===== Records provided

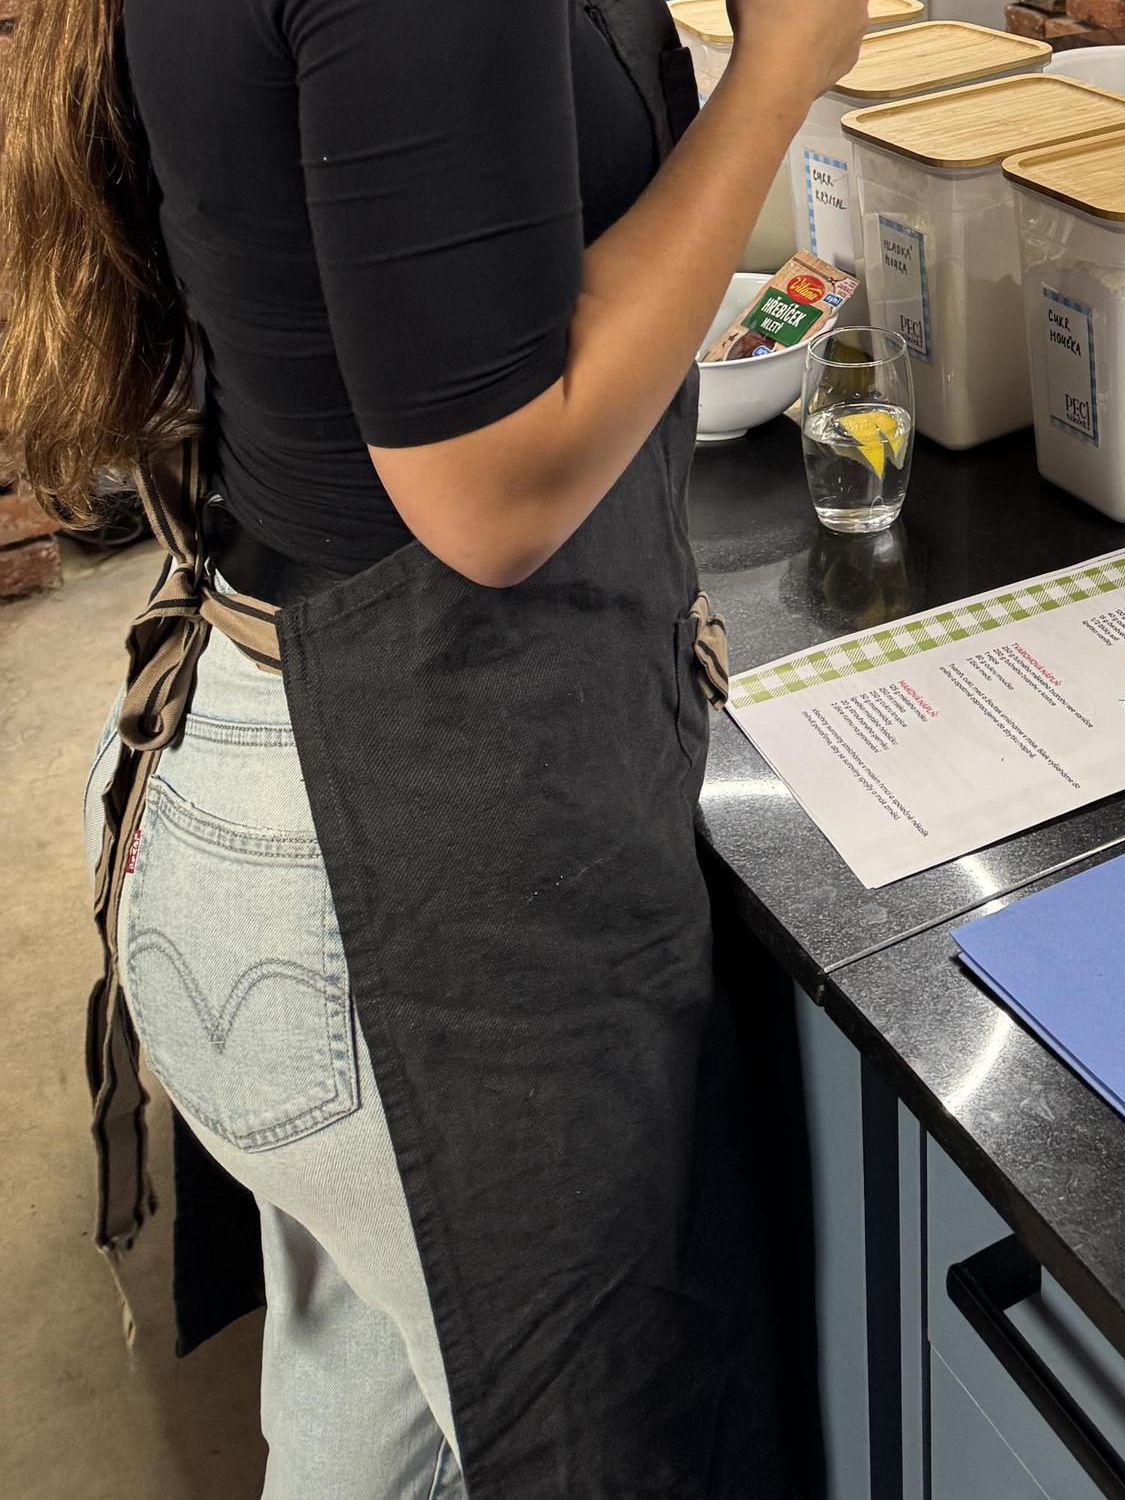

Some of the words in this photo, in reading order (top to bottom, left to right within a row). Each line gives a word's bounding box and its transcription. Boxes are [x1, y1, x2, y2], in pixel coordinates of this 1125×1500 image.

[790, 277, 822, 301] Vitana
[761, 297, 807, 328] HŘEBÍČEK
[1048, 309, 1071, 332] CUKR
[761, 318, 785, 334] MLETÝ
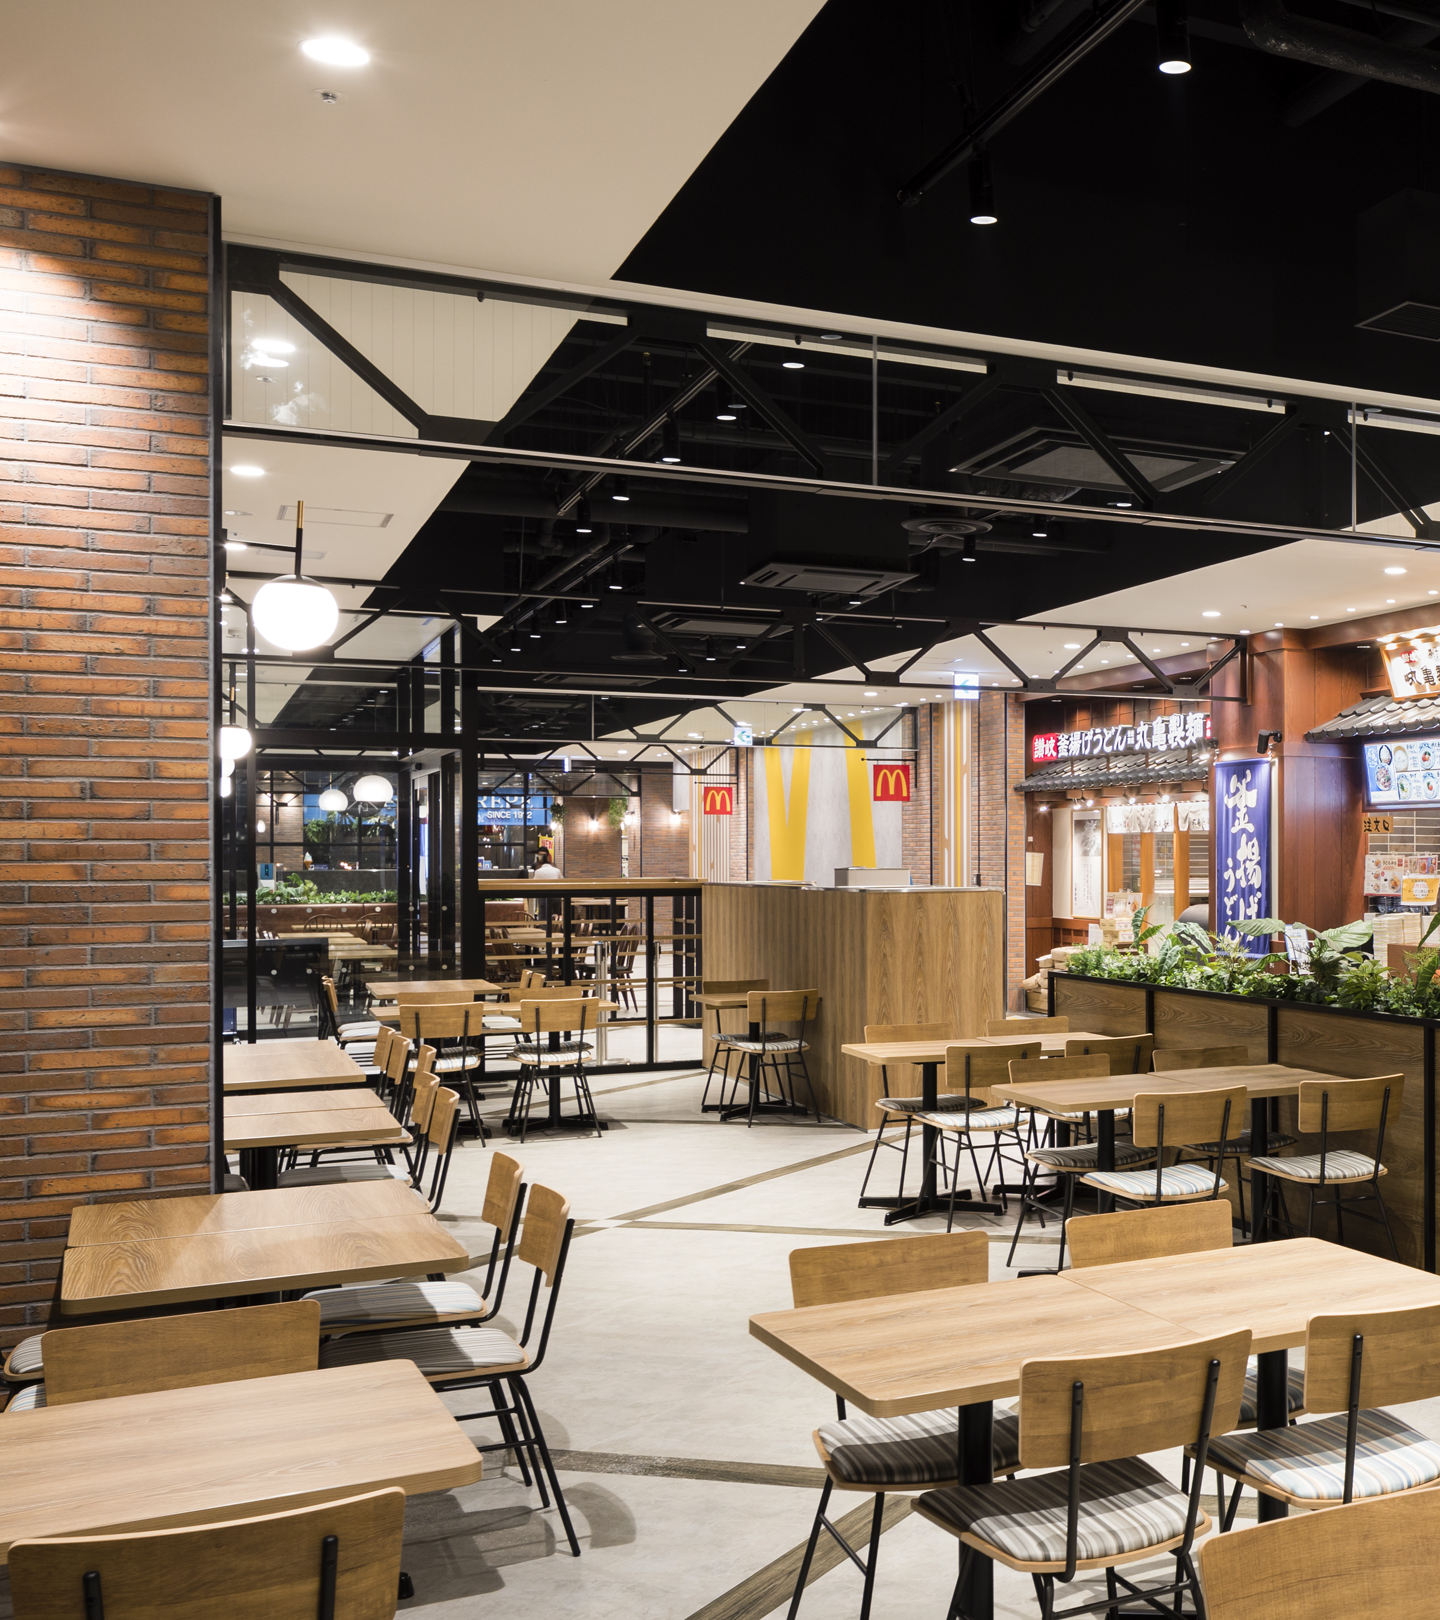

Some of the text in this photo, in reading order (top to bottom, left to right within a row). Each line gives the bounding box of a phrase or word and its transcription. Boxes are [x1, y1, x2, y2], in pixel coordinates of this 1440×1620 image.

[1033, 736, 1057, 759] 讃岐
[1057, 724, 1127, 758] 釜揚げうどん
[1134, 711, 1205, 751] 丸亀製麺
[486, 811, 533, 820] SINCE 192
[1363, 817, 1390, 833] 注文口
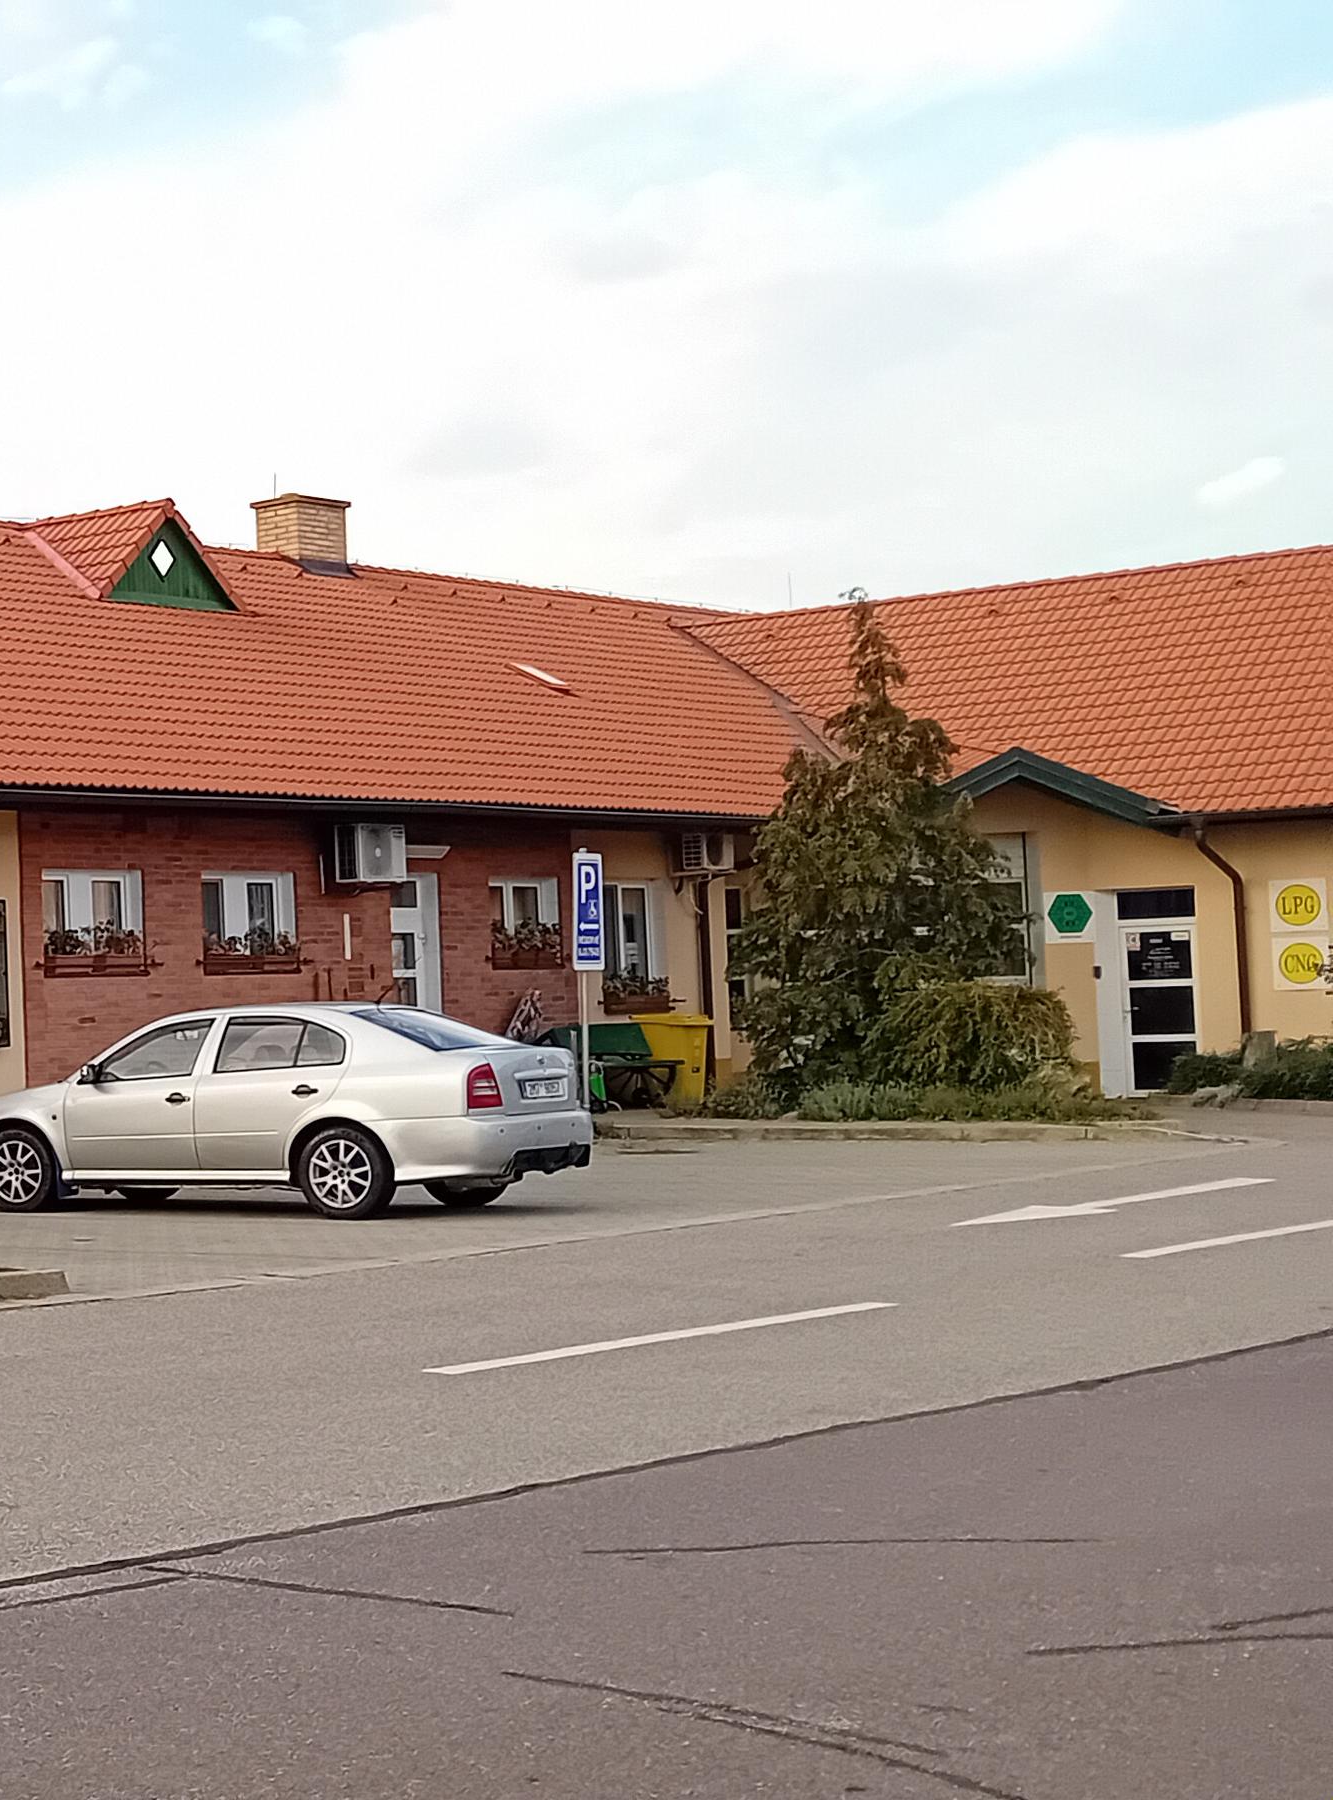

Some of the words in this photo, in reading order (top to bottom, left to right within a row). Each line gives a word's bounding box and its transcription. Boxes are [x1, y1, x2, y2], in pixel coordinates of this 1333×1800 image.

[580, 865, 596, 904] P
[1281, 895, 1315, 915] LPG
[1284, 953, 1318, 973] CNG

==========

An exact copy of the entries, without any pictures, is what the answer should be.

Answer box
Some of the words in this photo, in reading order (top to bottom, left to right within a row). Each line gives a word's bounding box and its transcription. Boxes are [x1, y1, x2, y2], in pixel coordinates of this 1125×1500 image.

[790, 277, 822, 301] Vitana
[761, 297, 807, 328] HŘEBÍČEK
[1048, 309, 1071, 332] CUKR
[761, 318, 785, 334] MLETÝ

Some of the text in this photo, in reading order (top to bottom, left to right within a row). Each line gives the bounding box of a phrase or word and its transcription. Boxes are [x1, y1, x2, y2], in pixel coordinates of this 1440×1620 image.

[1033, 736, 1057, 759] 讃岐
[1057, 724, 1127, 758] 釜揚げうどん
[1134, 711, 1205, 751] 丸亀製麺
[486, 811, 533, 820] SINCE 192
[1363, 817, 1390, 833] 注文口

Some of the words in this photo, in reading order (top to bottom, left to right within a row). Each line gives a word's bounding box and its transcription. Boxes are [x1, y1, x2, y2], in pixel coordinates of this 1333×1800 image.

[580, 865, 596, 904] P
[1281, 895, 1315, 915] LPG
[1284, 953, 1318, 973] CNG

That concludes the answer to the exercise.